Who's In It: Amanda Seyfried, Gary Oldman, Virginia Madsen, Billy Burke, Lukas Haas, Shiloh Fernandez, Max Irons
The Basics: You know the story, and will be nonplussed by the embellishments that are making it "hip" too. There's a cute girl torn between two dreamy suitors, an iron elephant-shaped torture device, and a frowny face on a big pole in the town square to indicate how dire the situation is. There are catty girls, illegitimate children, a half-assed neighborhood orgy, and a computer generated wolf that occasionally eats the townspeople.

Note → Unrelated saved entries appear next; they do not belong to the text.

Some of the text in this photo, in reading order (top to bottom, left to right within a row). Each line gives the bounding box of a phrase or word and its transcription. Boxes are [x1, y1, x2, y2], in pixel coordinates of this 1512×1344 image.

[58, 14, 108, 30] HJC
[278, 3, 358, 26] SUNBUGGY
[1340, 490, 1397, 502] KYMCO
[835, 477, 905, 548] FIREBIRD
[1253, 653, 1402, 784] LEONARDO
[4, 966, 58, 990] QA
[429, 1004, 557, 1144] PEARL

What's The Deal: When I was a little girl, my mother would read me stories, breathing life into every character and creating a tangible world that I could live in for the time it took her to share the beginning, middle, and end of a tale. But despite her spectacular matriarchal performance, I was left asking many burning questions she couldn't answer. "But mom, where did the wolf come from? Why did he eat people in the first place? Do you think this whole grandma thing was an isolated incident? And was Red Riding Hood just begging for it?" Today, our simplest and most elegant tales are swollen into 90-plus minute long tripe that completely eradicates any kind of dignity or lesson from the content. And if you couldn't help but notice that this is Twilight with more wolves and less shirtlessness, you were right. It's even directed by the same woman, Catherine Hardwicke, whose other more interesting movies did not prepare me for the boredom induced by these vampires and wolves. This movie is just a lot of people staring at each other by the light of a fire.

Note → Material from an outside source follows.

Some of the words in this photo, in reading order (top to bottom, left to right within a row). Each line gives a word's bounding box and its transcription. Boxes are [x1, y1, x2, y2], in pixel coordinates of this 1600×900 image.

The Fundamental Problem: The heart of the film is a question similar to those I had as a child: Who is the wolf? The only problem is, the movie is so boring and unoriginal that I didn't care--it wasn't killing enough people and when it showed up, it looked kind of like the cat on the Simpsons. There are tons of red herrings, misdirections, and scanning people's eyes for wolf similarity, and when you add it up, it's still a total zero.
Father Knows Best: Billy Burke is quickly becoming my favorite dad of all time--he is definitely one of the best actors in the Twilightseries, and in this movie he plays Amanda Seyfried's shifty pop Cesaire. Also catapulting him to the top of my list is his recent role in Drive Angry as a really charismatic cult leader. Nice work, Hollywood! Cast him in more stuff! He's often the most compelling person on screen.

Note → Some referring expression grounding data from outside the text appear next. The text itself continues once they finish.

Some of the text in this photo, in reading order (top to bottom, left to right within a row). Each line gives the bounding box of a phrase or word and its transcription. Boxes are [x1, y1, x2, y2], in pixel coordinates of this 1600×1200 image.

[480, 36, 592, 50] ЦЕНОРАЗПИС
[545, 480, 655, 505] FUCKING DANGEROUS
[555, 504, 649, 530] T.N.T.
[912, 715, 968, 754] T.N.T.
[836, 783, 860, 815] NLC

To Cleanse Your Palate: If you ignore my warnings and go see the film anyway, you can erase it from your memory by watching some of the spectacular movies from the film's talented cast: Amanda Seyfried, the unofficial Queen of Side Boob 2010, made a great film called Chloe. Virginia Madsen was amazing in Electric Dreams, Sideways and Candyman. Gary Oldman is spectacular in anything--with some of my favorites being Immortal Beloved and True Romance. Or maybe just read Call of the Wild again.
Take That, Atkins: The only part of the movie that really stuck with me is the line "All sorrows are less with bread." That got an amen from me.